WHAT THE TASK REQUIRES: Your task is to output, without alteration, each line from the one containing "this 2018×1346 image." through the final line of the records below.

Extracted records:

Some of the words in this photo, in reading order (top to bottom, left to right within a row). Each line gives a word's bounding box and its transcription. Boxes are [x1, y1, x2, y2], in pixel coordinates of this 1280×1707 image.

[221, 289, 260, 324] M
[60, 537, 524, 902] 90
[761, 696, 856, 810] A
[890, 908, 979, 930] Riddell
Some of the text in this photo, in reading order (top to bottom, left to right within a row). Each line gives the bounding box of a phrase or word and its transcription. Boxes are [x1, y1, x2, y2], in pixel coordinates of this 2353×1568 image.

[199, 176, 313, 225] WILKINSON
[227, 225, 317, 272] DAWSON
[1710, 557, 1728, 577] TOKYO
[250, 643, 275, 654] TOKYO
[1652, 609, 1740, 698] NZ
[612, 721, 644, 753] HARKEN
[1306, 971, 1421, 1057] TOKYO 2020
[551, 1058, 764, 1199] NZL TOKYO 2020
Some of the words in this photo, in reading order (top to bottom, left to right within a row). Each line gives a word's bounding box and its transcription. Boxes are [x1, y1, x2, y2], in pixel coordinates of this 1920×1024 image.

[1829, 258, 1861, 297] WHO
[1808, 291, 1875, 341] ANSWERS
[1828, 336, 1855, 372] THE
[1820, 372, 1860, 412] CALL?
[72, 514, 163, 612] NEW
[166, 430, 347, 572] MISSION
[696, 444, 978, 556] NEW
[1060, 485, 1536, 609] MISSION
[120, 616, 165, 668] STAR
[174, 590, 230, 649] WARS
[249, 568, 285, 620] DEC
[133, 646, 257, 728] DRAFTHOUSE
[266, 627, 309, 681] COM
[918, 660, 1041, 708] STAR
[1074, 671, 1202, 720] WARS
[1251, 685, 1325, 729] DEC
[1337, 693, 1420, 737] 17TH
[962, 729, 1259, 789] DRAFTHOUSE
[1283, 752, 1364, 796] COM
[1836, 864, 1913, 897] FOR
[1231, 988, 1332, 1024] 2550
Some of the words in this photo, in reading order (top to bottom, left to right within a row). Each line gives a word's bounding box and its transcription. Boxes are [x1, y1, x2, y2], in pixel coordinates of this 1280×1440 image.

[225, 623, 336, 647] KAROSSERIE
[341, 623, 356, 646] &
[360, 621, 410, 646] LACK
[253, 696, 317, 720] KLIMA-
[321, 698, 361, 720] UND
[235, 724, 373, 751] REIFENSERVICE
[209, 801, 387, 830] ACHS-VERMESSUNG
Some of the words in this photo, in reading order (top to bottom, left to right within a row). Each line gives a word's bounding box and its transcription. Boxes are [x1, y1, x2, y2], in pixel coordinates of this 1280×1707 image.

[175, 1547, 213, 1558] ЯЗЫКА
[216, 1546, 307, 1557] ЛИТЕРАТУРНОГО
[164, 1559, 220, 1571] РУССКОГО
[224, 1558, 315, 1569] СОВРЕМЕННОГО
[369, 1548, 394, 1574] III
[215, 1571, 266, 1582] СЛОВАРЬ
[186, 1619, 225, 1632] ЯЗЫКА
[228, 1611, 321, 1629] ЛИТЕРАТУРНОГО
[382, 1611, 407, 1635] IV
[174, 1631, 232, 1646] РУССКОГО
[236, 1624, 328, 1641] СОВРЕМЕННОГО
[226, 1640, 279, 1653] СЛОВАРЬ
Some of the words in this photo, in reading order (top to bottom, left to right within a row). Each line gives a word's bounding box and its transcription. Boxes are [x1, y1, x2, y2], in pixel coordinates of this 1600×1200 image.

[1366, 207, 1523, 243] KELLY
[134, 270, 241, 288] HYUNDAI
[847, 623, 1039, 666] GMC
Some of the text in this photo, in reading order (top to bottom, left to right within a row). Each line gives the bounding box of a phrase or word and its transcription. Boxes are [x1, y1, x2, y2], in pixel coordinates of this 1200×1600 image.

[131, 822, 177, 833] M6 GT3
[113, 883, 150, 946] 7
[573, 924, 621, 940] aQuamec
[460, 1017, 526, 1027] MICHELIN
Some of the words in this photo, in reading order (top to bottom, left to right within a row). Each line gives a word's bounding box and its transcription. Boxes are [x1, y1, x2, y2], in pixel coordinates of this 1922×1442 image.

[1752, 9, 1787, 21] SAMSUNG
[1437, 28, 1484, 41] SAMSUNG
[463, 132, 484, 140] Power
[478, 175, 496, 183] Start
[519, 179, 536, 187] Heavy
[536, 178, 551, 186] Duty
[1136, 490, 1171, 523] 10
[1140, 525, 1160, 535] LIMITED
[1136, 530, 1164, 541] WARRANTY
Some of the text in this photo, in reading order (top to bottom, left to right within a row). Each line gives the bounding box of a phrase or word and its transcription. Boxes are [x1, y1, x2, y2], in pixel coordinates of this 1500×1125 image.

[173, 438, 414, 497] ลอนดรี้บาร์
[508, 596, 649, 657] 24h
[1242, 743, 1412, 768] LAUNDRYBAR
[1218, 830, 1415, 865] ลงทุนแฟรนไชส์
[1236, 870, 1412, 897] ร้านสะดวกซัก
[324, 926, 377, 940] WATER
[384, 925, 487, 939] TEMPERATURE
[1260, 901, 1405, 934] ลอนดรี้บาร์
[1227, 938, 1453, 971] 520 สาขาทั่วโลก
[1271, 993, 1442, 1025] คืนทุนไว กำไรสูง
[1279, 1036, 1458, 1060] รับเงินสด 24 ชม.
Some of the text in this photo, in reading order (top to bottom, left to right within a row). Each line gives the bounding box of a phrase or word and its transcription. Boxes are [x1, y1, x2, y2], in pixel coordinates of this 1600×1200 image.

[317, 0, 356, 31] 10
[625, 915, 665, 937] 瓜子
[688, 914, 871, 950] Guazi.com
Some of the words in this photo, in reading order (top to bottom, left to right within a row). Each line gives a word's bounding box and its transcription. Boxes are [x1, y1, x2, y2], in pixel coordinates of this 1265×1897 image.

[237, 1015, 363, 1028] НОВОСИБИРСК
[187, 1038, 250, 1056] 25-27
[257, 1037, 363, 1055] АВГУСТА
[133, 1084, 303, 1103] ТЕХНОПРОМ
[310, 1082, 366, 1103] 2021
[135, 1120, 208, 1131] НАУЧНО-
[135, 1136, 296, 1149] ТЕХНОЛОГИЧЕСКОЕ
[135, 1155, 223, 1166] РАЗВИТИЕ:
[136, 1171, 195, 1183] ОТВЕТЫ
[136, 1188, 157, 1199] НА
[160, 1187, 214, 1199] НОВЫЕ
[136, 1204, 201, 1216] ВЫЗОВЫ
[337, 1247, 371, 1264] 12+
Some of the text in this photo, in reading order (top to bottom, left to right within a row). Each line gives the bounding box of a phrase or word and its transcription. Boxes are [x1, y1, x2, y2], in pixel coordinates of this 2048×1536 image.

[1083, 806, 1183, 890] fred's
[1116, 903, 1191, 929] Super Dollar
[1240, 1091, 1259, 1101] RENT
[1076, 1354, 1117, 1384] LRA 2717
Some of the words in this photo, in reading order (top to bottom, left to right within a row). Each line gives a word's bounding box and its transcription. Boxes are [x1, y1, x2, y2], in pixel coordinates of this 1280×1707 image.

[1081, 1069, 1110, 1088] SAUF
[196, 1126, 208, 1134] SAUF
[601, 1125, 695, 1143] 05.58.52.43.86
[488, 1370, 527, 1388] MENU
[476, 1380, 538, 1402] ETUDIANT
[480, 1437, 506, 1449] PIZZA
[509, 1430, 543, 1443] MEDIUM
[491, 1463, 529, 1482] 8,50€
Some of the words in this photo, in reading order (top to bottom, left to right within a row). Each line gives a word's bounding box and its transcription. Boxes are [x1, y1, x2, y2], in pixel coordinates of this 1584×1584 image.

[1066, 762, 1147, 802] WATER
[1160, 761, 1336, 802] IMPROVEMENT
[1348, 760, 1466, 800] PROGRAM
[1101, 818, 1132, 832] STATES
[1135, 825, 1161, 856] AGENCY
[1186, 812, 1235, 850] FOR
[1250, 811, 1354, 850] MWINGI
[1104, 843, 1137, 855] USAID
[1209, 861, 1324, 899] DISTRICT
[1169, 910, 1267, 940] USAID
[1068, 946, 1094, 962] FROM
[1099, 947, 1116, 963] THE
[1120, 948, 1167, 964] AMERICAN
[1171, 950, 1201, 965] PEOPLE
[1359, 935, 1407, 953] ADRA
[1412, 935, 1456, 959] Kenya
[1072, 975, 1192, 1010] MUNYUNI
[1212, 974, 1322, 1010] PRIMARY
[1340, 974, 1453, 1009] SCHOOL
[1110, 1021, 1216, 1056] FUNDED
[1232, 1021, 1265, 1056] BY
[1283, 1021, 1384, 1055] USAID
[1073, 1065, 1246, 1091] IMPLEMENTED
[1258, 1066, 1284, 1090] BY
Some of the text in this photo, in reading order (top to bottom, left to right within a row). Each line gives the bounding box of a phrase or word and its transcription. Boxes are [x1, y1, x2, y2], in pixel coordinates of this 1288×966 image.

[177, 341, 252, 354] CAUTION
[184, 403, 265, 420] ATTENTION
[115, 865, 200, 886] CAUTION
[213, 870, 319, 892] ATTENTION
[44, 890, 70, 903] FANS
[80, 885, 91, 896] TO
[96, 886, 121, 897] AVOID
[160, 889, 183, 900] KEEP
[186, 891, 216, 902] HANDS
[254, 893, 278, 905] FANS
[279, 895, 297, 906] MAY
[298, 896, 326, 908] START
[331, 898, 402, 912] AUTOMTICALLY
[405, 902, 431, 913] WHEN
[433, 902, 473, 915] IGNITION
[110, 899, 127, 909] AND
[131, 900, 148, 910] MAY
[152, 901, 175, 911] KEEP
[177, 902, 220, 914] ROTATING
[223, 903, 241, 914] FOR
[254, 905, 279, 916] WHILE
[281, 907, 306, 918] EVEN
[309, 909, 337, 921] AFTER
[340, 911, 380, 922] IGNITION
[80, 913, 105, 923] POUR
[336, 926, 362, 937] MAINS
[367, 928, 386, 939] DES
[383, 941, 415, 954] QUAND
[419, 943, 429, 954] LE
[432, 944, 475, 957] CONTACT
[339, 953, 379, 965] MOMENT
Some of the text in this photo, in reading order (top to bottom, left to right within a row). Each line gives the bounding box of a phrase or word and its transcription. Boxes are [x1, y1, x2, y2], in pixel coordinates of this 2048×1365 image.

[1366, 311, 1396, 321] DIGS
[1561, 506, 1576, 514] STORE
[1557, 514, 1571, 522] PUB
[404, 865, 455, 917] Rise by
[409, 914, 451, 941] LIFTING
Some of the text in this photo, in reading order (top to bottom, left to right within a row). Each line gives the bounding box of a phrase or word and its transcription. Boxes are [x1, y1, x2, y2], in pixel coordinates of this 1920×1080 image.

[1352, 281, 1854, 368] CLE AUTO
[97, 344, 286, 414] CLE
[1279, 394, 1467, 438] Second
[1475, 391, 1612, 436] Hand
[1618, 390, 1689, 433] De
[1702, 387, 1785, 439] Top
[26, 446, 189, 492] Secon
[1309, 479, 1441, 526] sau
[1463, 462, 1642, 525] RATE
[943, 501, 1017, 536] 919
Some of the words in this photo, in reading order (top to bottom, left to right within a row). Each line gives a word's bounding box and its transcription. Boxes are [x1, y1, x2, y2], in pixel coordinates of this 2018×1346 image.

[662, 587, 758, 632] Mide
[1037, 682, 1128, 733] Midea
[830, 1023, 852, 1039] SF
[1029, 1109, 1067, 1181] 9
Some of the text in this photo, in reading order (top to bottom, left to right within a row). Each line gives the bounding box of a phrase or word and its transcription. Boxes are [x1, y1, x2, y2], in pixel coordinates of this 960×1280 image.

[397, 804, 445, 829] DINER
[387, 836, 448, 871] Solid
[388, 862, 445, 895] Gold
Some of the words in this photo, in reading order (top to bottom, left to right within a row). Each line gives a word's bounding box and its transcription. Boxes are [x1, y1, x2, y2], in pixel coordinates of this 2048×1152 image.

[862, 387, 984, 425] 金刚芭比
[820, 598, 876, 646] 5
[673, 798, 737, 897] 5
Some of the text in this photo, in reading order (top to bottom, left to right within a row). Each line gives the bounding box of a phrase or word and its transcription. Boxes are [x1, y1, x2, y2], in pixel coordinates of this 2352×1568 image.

ANSWER FOR THE TASK:
Some of the words in this photo, in reading order (top to bottom, left to right within a row). Each line gives a word's bounding box and its transcription. Boxes are [x1, y1, x2, y2], in pixel coordinates of this 2018×1346 image.

[662, 587, 758, 632] Mide
[1037, 682, 1128, 733] Midea
[830, 1023, 852, 1039] SF
[1029, 1109, 1067, 1181] 9
Some of the text in this photo, in reading order (top to bottom, left to right within a row). Each line gives the bounding box of a phrase or word and its transcription. Boxes are [x1, y1, x2, y2], in pixel coordinates of this 960×1280 image.

[397, 804, 445, 829] DINER
[387, 836, 448, 871] Solid
[388, 862, 445, 895] Gold
Some of the words in this photo, in reading order (top to bottom, left to right within a row). Each line gives a word's bounding box and its transcription. Boxes are [x1, y1, x2, y2], in pixel coordinates of this 2048×1152 image.

[862, 387, 984, 425] 金刚芭比
[820, 598, 876, 646] 5
[673, 798, 737, 897] 5
Some of the text in this photo, in reading order (top to bottom, left to right within a row). Each line gives the bounding box of a phrase or word and its transcription. Boxes are [x1, y1, x2, y2], in pixel coordinates of this 2352×1568 image.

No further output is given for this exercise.